What next for Corbett’s Medicaid proposal?

    As part of the formal review process there will be a public comment period on Corbett’s plan through the end of the month.

    Pennsylvania Governor Tom Corbett has backed away from a controversial work search requirement in his big Medicaid proposal that’s now under federal review. Even so, experts say it’s unclear whether that move will be enough for the plan to gain final approval.

    At stake are billions of dollars in federal funding for Pennsylvania, and new health care options for up to half a million residents.

    Corbett wants to draw down federal funding slated for states opting to expand Medicaid, as part of the Affordable Care Act, and instead direct those funds toward helping low income residents buy private insurance.

    Health officials have granted a few states, including Arkansas and Iowa, permission to do just that. But Corbett’s plan differs in other ways.

    It originally mandated able bodied residents who work fewer than 20 hours a week to take part in a job training program in order to access coverage.

    In a letter sent to the U.S. Department of Health and Human Services this week, Corbett offered to instead set up a voluntary pilot plan tied to even more discounts on premiums and copays for those who participate. At least for the first year, such copays and premiums would be minimal, matching current amounts and ranging anywhere from $.50 to $3.00; with one exception, a flat $10 copay for non-emergency use of emergency rooms.

    Joan Alker, a professor at Georgetown University and close tracker of Medicaid, says tying anything work-related to Medicaid would break new ground.

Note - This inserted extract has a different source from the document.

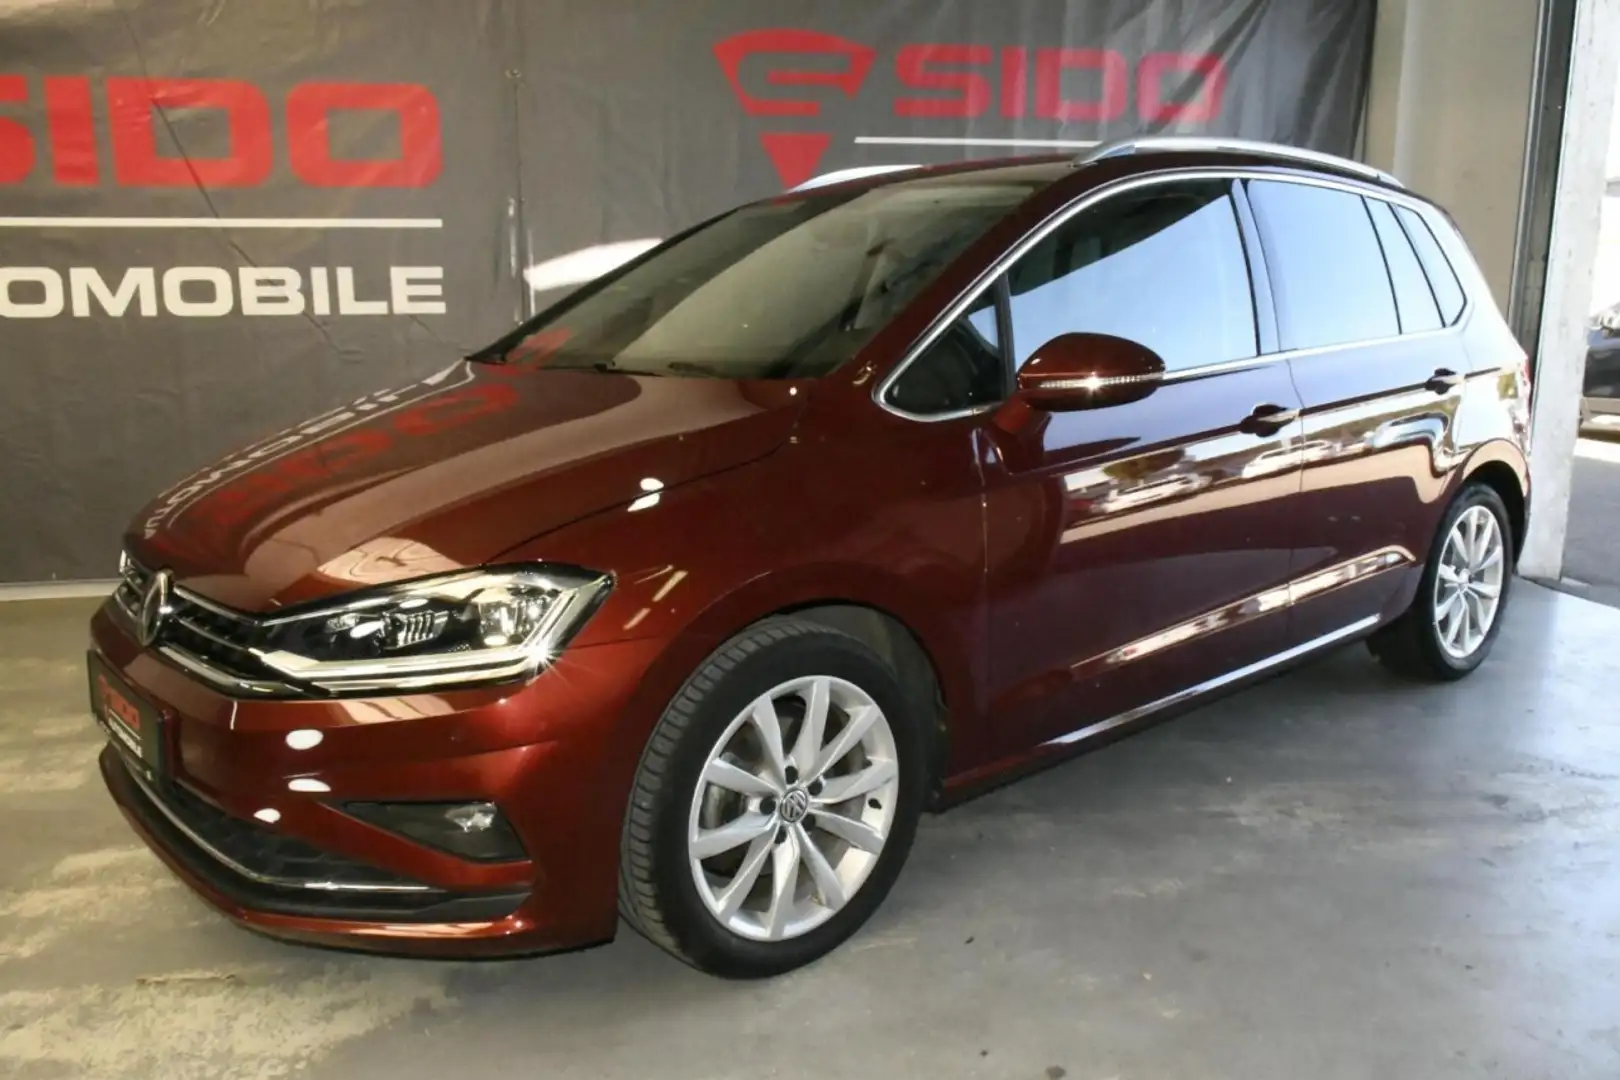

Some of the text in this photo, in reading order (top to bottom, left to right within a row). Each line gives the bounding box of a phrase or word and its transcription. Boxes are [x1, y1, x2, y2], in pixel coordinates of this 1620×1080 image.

    “Medicaid is not a job training program, Medicaid is a health program,” she says.

    A plan moving forward in New Hampshire includes offering job training referrals to enrollees, but doesn’t go as far as Pennsylvania in setting up a program within Medicaid.

    “Fundamentally his [Corbett’s] waiver proposal still has a lot of problems, but at the end of the day I do think it’s good news that he’s willing to make some changes,” says Alker.

    Other possible issues: new premiums, changes to current benefits

    Marybeth Musumeci, with the Kaiser Family Foundation’s Commission on Medicaid and the Uninsured, has been analyzing state waivers and says Pennsylvania’s is different in other ways, too.

    “Its waiver is not focused just on the newly eligible adults, but it’s also proposing some changes to benefit packages that would affect currently eligible beneficiaries,” says Musemeci.

    In year two, Corbett’s plan also proposes across the board premiums for people earning between about $11,000 and $15,000 dollars a year. Premiums would be $25 a month for an individual or $35 for a family. Initially, Corbett also proposed premiums for people below the poverty line, but removed the requirement in a revised proposal, submitted last month.

    Officials did approve premiums in Iowa’s plan, Musumeci points out, though the amounts are lower than what Pennsylvania is proposing and capped at two percent of a person’s household income, similar to the caps for buying private coverage through health exchanges.

    As part of the formal review process, the Centers for Medicare and Medicaid (CMS) is taking public comments on Corbett’s plan through the end of the month. In an email, CMS spokesperson Aaron Albright said this agency “will examine this latest proposal [the job search pilot], and will consider input during the public comment period and provide technical assistance to Pennsylvania on their waiver application before making a decision.”

    Musemechi and Alker both say there are still a lot more details that need to be flushed out and a lot of moving parts in the negotiating process.